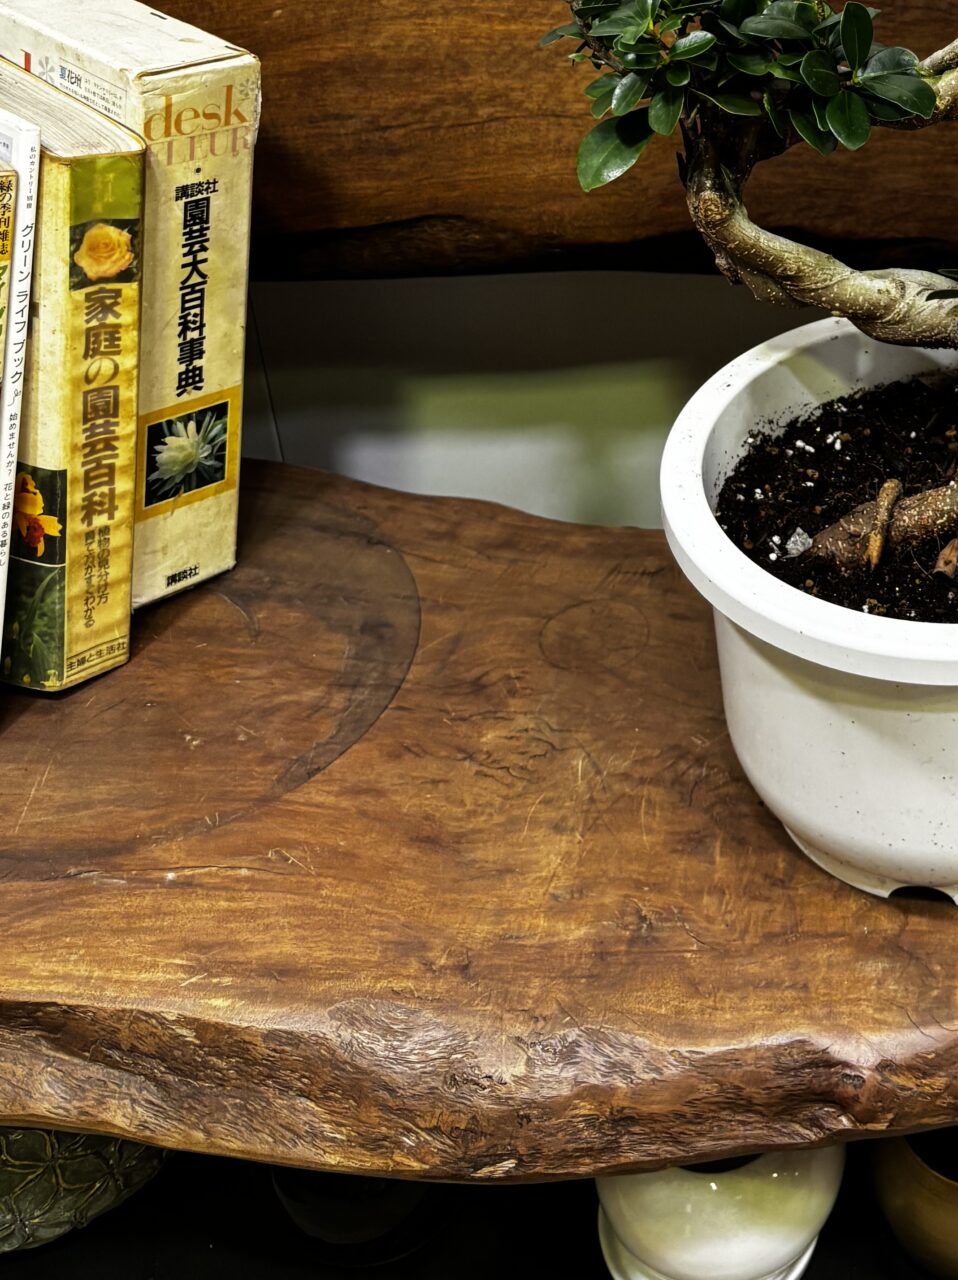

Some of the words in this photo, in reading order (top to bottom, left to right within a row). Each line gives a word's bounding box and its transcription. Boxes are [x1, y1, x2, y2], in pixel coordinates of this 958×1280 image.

[144, 85, 249, 141] desk
[175, 178, 218, 202] 講談社
[19, 223, 34, 283] グリーン
[15, 291, 28, 333] ライフ
[176, 196, 210, 397] 園芸大百科事典
[11, 339, 26, 384] ブック
[80, 286, 123, 528] 家庭の園芸百科
[84, 530, 96, 629] 育て方がすぐわかる
[97, 525, 110, 606] 植物の見分け方
[166, 564, 199, 588] 講談社
[66, 641, 127, 671] 主婦と生活社
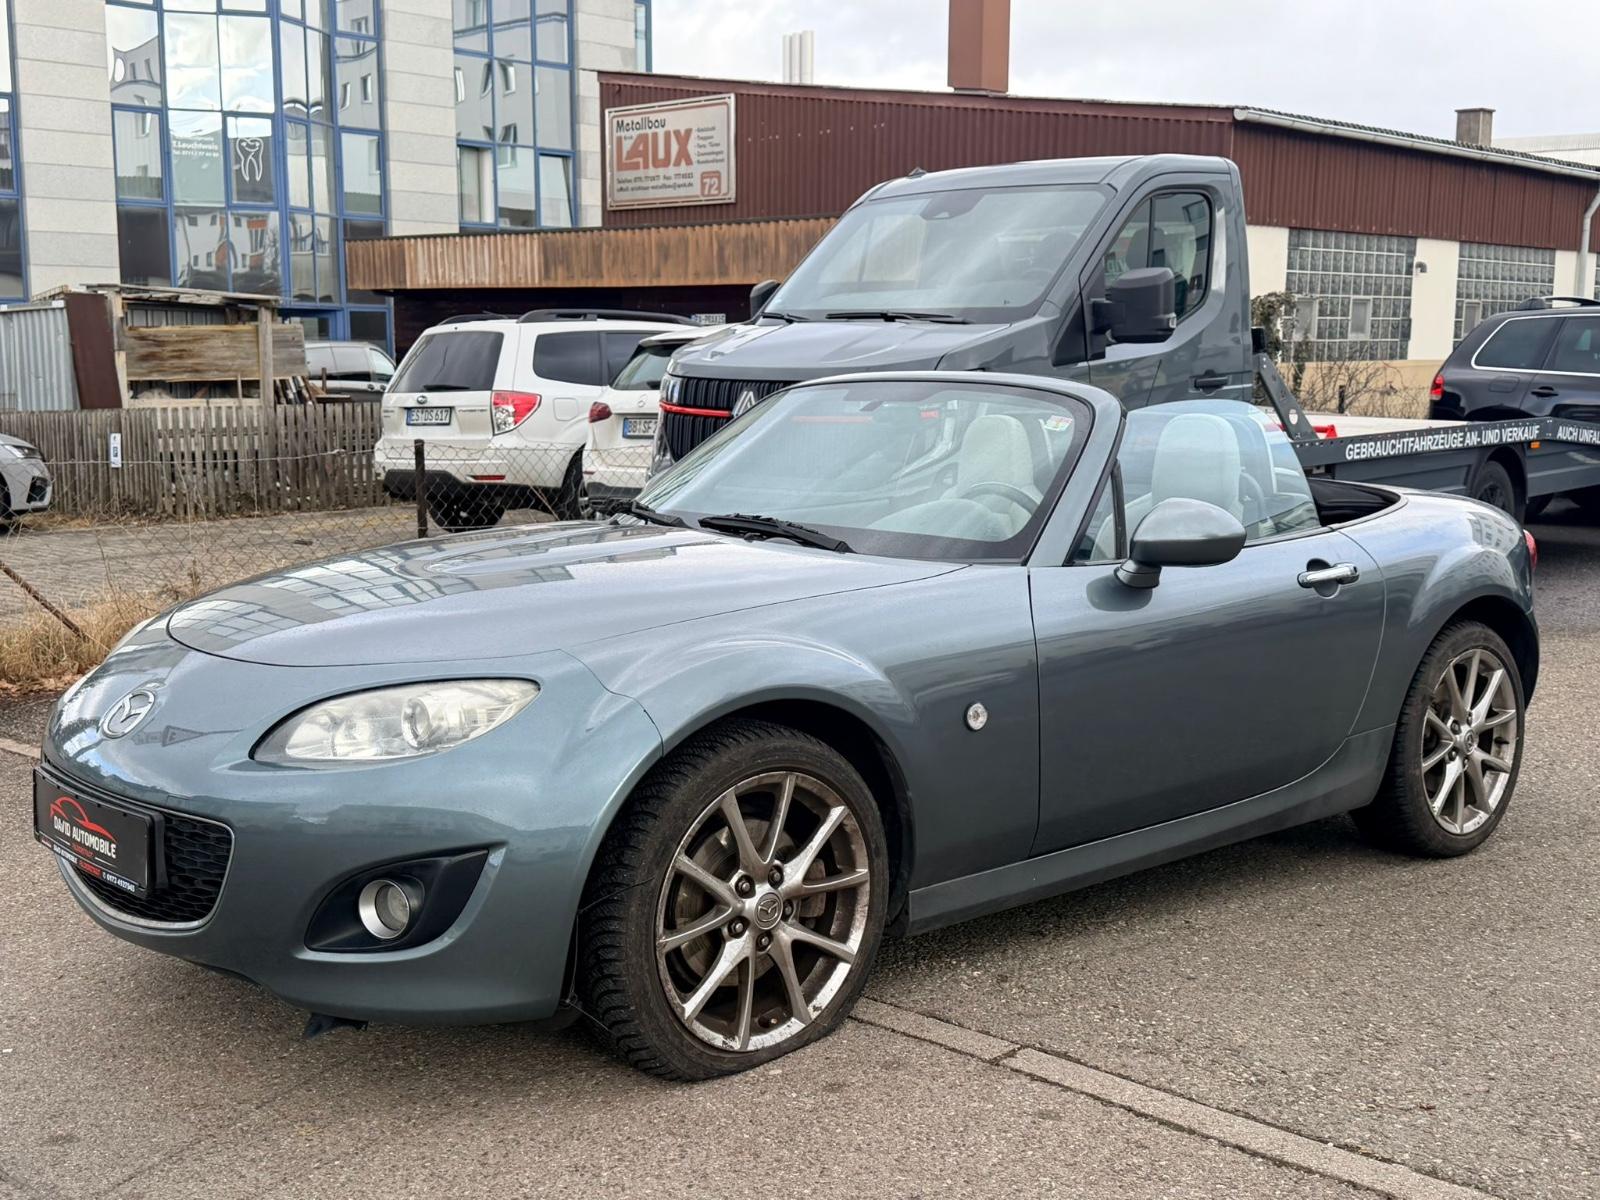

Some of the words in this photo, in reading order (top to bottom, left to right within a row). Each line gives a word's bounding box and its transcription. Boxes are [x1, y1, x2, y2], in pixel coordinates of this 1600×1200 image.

[616, 116, 666, 133] Metallbau
[616, 128, 693, 172] LAUX
[703, 177, 720, 196] 72
[424, 409, 434, 422] DS
[434, 409, 450, 421] 617
[1345, 432, 1463, 461] GEBRAUCHTFAHRZEUGE
[1464, 431, 1481, 447] AN-
[1482, 428, 1500, 444] UND
[1502, 424, 1541, 442] VERKAUF
[1556, 425, 1579, 441] AUCH
[53, 815, 71, 837] DAVID
[72, 826, 117, 859] AUTOMOBILE

· · · · · · ·

REQUIRED WORK: Retype the listing exactly and drop the pictures.

SOLUTION FOR THIS PROBLEM:
Some of the words in this photo, in reading order (top to bottom, left to right within a row). Each line gives a word's bounding box and its transcription. Boxes are [x1, y1, x2, y2], in pixel coordinates of this 958×1280 image.

[144, 85, 249, 141] desk
[175, 178, 218, 202] 講談社
[19, 223, 34, 283] グリーン
[15, 291, 28, 333] ライフ
[176, 196, 210, 397] 園芸大百科事典
[11, 339, 26, 384] ブック
[80, 286, 123, 528] 家庭の園芸百科
[84, 530, 96, 629] 育て方がすぐわかる
[97, 525, 110, 606] 植物の見分け方
[166, 564, 199, 588] 講談社
[66, 641, 127, 671] 主婦と生活社

Some of the words in this photo, in reading order (top to bottom, left to right within a row). Each line gives a word's bounding box and its transcription. Boxes are [x1, y1, x2, y2], in pixel coordinates of this 1600×1200 image.

[616, 116, 666, 133] Metallbau
[616, 128, 693, 172] LAUX
[703, 177, 720, 196] 72
[424, 409, 434, 422] DS
[434, 409, 450, 421] 617
[1345, 432, 1463, 461] GEBRAUCHTFAHRZEUGE
[1464, 431, 1481, 447] AN-
[1482, 428, 1500, 444] UND
[1502, 424, 1541, 442] VERKAUF
[1556, 425, 1579, 441] AUCH
[53, 815, 71, 837] DAVID
[72, 826, 117, 859] AUTOMOBILE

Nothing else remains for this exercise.